Les liens entre l’Intelligence Economique et le numérique, sont les mêmes qu’entre l’IE et la radio ou la presse. C’est-à-dire que l’IE utilise le numérique comme un outil. Outil qui est en même temps une source d’informations, moyen de diffusion, d’analyse, et de sécurisation.
Ceci étant dit, le domaine de l’IE a particulièrement investi le numérique, notamment sur les aspects « recherche et veille ». Ainsi les professionnels de l’IE utilisent au maximum de les capacités des moteurs de recherche : Utilisation des opérateurs de recherche avancés (par exemple intitle: filetype: site: qui fonctionnement peu ou prou avec Google, Bing ou Qwant), maîtrise des différents moteurs de recherche, création de moteur de recherche personnalisé, création et filtrage de flux RSS, et même … fouille du web invisible et du darkweb ! J’organise sur Paris le 28 février, au Club IES, une conférence sur la veille dans le Darkweb avec une solution mise en place par Digimind avec son partenaire Aleph. Les lecteurs de cet article sont les bienvenus (lien d’inscription sur inter-ligere.fr). Néanmoins, notre boite à outils comprend aussi la maîtrise du « réseau humain » et son cortège de notions de psychologie et de sociologie.
Pour finir, les plateformes de veille professionnelles s’intéressent -comme tout le monde- à Intelligence Artificielle. Attention, nous n’avons pas les moyens de construire Big Blue. Le marché des plateformes de veille pèse 30 millions d’euros en France. C’est un petit marché.

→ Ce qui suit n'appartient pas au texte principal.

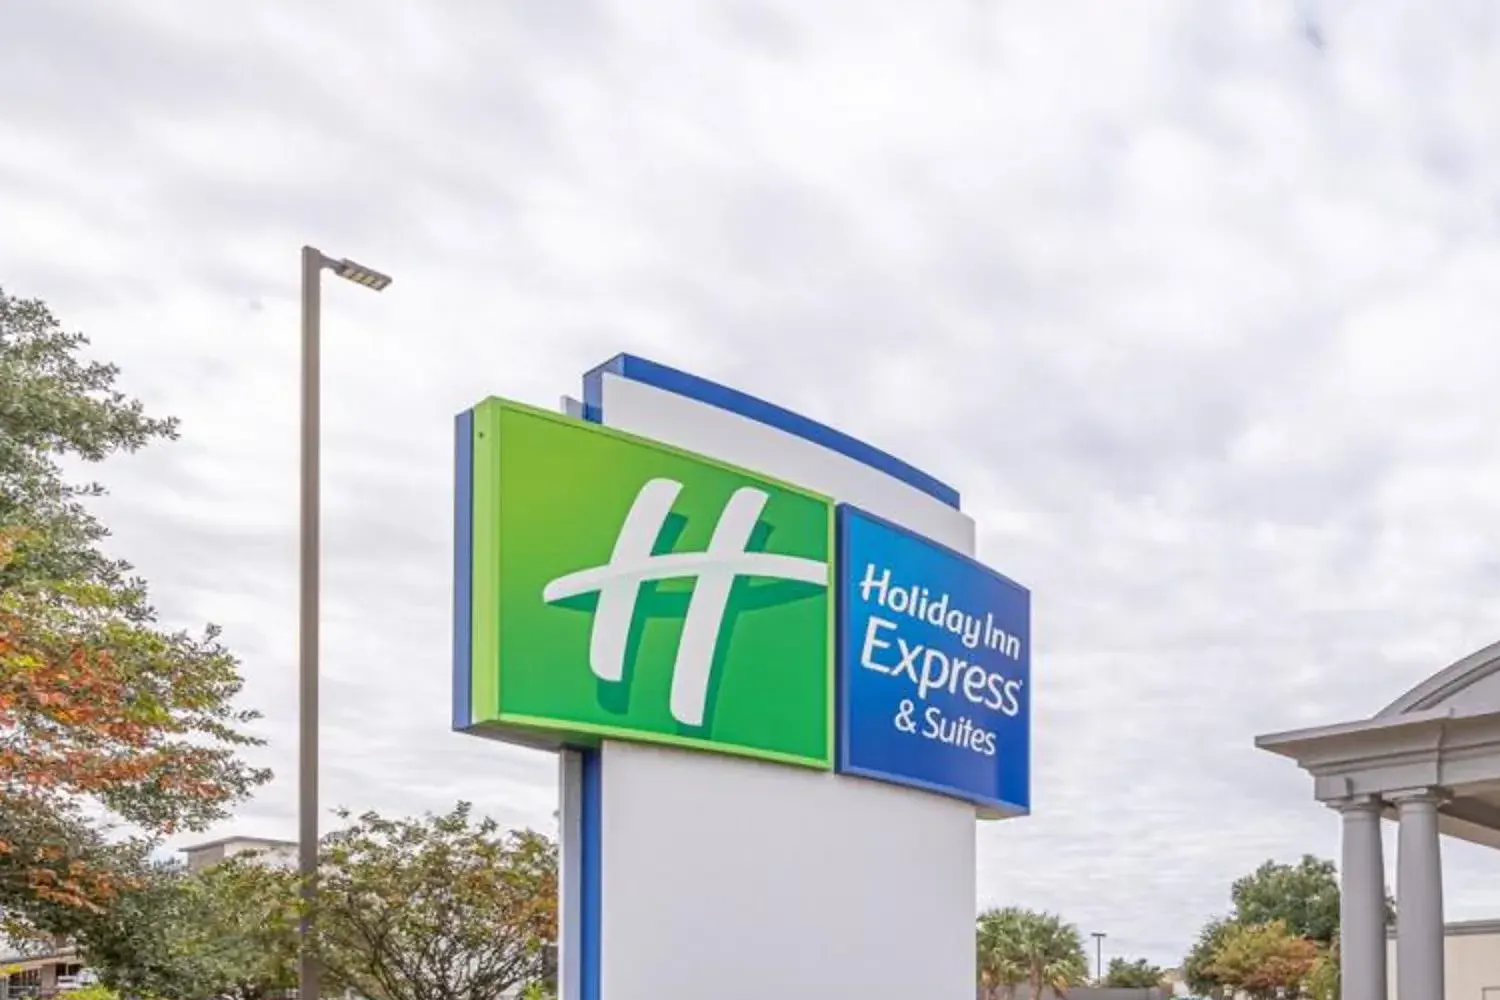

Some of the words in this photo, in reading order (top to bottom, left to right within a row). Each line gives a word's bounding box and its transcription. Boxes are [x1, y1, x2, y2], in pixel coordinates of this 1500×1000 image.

Mais les acteurs leaders travaillent à intégrer des briques intelligentes dans leurs outils.
21 janvier 2019
Jérôme Bondu, est Président-fondateur du cabinet de conseil en Intelligence Economique inter-ligere.fr, auteur de « Maîtrisez internet… avant qu’internet ne vous maîtrise ! »
1 Commentaire
Excellente analyse que je partage complètement.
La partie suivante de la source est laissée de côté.